Sunday 6th – Glentanner – Day off the bike. I don’t feel like cycling in the rain up to Mount Cook Village and consider hitching a lift but in the end have a quiet day at the camp site writing, eating, and sleeping. The rain gets progressively heavier. Walking down towards the lake for half an hour is enough to saturate my trousers and I turn back, damp and cold, set up a make-do bungee cord clothes line inside, and lie in my sleeping bag. As dusk falls the clouds break and turn pink. A long, low-hanging cloud stretches along the valley floor.

Monday 7th – Glentanner to Omarama (45.53 miles) – Great ride mostly downhill on long straight roads with big landscapes and big skies to marvel at. I stop for lunch in Twizel and order a beef burger; buy a tube of electrolytes to add into my drinking water – I’m losing so much liquid in this heat. Emotionally overwhelmed again – can’t stop crying so I just keep pedalling until I reach the Top 10 campsite at Omarama. Should have taken a cabin. Hot tubs up the road are fully booked. Nathalie and Anke from Holland arrive at the camp site – they are cycling the same route.

Tuesday 8th – Omarama to Kurow (41.74 miles) – Two big hills destroy my legs and stamina early on. The wind picks up after Otematata and I’m cycling directly into it. It’s so demoralising. I’m not enjoying the ride at all and spend much of the time thinking about quitting all together. The campsite at Kurow is down at heal. I opt for a bed in the lodge rather than the tent to cheer myself up (only $8 more) but it’s such a depressing dorm room with old worn sheets and smells musty. Peering through the more expensive cabin windows I can see clean white sheets and pay the $15 extra to upgrade. The supermarket in town has such little choice that I find myself touring it several time before finally opting for a can of tomatoes to go with the rice I already have, and then search for a small bottle of wine. Success at the bottle shop up the road who offer me two mini proseccos for $10. I take one.

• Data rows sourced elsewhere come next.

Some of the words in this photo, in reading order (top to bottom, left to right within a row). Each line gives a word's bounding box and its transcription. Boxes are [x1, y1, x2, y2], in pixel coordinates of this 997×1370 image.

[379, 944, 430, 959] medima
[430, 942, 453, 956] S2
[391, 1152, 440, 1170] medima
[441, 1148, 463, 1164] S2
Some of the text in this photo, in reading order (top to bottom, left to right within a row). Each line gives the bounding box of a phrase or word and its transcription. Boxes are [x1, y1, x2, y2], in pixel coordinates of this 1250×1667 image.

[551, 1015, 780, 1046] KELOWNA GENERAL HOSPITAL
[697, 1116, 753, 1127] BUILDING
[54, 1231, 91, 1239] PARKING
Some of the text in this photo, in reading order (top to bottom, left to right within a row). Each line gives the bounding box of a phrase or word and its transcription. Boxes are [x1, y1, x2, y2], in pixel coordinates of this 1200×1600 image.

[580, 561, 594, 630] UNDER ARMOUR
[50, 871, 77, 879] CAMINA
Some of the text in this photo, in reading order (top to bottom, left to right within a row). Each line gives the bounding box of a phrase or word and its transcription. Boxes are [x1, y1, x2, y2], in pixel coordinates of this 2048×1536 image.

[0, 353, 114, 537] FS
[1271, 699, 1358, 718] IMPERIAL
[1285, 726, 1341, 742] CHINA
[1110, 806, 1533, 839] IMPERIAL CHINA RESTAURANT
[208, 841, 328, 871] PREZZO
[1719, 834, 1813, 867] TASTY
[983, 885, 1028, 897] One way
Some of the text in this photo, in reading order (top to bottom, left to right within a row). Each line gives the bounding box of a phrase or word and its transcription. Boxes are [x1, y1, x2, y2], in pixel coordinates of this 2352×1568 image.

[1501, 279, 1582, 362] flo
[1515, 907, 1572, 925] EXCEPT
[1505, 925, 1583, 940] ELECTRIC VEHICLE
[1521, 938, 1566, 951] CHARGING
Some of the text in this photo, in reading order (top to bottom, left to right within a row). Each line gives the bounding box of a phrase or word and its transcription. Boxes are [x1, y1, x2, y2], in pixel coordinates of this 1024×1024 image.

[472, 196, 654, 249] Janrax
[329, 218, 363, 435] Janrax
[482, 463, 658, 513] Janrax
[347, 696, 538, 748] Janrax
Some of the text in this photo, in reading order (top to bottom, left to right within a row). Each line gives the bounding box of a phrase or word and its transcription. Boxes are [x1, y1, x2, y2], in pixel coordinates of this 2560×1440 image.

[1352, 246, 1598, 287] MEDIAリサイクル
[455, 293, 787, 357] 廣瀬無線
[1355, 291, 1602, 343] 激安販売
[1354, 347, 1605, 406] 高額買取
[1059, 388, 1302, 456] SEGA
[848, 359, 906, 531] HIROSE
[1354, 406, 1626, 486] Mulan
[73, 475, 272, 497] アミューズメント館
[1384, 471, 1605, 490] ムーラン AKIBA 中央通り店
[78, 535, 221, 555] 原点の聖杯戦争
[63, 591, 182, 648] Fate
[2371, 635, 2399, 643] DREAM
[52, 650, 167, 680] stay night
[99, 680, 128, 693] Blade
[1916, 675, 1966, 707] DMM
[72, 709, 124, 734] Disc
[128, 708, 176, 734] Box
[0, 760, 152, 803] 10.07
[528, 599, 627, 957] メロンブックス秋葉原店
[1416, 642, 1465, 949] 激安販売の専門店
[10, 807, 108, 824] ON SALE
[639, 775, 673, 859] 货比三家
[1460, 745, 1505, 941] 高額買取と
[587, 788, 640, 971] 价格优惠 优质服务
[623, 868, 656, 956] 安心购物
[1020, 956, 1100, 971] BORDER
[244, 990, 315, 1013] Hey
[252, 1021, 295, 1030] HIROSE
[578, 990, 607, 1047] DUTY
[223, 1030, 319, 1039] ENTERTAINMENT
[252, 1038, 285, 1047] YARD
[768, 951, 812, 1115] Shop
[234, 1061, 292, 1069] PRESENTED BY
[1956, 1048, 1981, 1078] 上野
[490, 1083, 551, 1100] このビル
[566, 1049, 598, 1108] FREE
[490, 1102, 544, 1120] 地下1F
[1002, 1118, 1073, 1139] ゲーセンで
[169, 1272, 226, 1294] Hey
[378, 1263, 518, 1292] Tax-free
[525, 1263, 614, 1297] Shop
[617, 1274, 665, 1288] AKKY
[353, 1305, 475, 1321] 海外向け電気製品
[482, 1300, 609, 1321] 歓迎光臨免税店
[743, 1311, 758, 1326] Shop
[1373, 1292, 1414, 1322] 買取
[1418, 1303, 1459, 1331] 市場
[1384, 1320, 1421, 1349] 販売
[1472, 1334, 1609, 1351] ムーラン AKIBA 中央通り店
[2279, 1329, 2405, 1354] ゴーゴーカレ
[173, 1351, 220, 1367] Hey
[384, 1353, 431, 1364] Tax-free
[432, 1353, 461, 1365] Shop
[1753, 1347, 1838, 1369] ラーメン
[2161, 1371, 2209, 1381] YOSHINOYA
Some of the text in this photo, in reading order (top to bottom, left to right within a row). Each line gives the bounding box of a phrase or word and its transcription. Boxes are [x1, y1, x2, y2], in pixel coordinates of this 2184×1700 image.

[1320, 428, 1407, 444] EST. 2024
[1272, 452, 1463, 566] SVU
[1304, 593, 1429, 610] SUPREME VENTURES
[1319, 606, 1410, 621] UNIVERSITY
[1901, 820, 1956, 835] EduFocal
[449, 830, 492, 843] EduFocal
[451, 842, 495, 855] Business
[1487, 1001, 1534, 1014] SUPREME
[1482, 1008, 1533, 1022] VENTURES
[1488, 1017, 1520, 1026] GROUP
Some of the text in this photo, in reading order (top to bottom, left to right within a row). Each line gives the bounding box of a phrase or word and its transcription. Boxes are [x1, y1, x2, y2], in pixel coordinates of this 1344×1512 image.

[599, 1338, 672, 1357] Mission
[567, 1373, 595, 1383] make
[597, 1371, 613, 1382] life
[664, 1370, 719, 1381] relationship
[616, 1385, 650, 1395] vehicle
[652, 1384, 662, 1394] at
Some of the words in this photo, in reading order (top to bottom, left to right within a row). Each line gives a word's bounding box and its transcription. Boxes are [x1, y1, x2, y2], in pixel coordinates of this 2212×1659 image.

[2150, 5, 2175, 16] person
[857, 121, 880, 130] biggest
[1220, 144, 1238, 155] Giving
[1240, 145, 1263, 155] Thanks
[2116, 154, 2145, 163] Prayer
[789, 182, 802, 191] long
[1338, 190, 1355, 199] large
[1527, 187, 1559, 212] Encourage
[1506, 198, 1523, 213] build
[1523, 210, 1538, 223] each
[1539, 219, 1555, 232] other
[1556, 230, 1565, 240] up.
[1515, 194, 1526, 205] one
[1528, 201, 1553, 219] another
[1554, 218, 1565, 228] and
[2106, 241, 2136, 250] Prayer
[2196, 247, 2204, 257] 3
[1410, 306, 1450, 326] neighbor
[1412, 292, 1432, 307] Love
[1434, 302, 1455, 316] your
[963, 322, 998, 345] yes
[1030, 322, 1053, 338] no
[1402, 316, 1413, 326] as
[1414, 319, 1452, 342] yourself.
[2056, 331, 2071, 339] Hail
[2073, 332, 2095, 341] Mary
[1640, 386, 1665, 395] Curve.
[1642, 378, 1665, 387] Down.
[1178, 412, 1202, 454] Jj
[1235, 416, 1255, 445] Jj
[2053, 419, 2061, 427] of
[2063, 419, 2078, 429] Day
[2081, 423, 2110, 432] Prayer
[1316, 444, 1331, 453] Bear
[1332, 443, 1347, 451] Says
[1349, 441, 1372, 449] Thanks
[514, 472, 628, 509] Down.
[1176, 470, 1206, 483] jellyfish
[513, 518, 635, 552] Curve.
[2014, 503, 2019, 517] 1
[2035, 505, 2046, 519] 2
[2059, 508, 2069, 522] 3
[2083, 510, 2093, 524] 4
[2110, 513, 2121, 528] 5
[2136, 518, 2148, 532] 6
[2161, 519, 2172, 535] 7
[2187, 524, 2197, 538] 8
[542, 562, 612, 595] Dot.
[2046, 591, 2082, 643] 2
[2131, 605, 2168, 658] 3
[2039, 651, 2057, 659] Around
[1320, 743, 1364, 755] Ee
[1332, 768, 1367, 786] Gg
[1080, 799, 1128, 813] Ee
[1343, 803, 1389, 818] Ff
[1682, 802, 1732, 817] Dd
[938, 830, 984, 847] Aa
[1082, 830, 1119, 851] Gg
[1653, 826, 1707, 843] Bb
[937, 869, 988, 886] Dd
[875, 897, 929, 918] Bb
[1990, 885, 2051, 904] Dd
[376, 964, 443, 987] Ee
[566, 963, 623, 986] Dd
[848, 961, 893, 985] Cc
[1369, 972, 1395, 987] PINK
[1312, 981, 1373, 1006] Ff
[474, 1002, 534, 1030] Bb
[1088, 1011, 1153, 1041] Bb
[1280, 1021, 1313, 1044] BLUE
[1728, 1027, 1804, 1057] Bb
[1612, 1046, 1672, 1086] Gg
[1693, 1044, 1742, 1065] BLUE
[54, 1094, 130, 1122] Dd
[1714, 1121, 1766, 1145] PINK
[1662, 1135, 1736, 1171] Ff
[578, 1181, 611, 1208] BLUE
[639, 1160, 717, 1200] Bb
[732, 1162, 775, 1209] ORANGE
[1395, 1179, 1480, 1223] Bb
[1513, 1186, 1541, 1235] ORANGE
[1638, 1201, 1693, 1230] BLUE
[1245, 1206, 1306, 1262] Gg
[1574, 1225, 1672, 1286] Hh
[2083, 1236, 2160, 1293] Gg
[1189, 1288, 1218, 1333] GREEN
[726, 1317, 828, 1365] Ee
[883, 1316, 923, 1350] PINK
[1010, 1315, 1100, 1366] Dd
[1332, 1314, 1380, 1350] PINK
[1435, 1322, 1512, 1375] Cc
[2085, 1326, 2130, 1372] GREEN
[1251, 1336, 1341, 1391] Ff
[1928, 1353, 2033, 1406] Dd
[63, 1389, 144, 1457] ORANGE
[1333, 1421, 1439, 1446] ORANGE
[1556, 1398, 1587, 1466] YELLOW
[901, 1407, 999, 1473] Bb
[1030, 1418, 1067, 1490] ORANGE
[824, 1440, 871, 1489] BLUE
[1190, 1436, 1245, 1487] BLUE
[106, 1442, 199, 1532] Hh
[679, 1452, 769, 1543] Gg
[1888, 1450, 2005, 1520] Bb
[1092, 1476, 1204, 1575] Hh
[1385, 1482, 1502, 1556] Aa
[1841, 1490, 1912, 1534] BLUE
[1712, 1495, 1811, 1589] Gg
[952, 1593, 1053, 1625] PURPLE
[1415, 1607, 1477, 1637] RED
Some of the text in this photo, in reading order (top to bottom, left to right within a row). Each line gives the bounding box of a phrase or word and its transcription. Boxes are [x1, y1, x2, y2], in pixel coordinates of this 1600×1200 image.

Wednesday 9th – Kurow to Oamaru (42.30 miles) – I take the easy option and stick to the road – it’s pretty much downhill all the way. Stop at some Maori cave paintings but there’s not a lot to see as most of the paintings have been badly weathered. Not enjoying this and just want to get to Omaru and find a place to stay. I complete the ride (forty-two miles) in three and a half hours. Omaru is NZ’s capital of steampunk. I’m staying at the Harbour Campsite on a very exposed pitch by the roadside. A seagull steals a slice of my pizza at the brewery. Blue penguins nest here at night – I find one underneath a bench and more dotted along the harbour front. Feeling more positive.

Thursday 10th – Oamaru – A day off writing, walking, and still struggling to hold myself together. Attacked by seagulls as I wander into their territory – perhaps too close to a nest? Eggs and coffee in Harbour Street café and a walk out onto the pier. More penguins at dusk and a tour from a local guy who ‘spotted me’ in town earlier, which is slightly disconcerting.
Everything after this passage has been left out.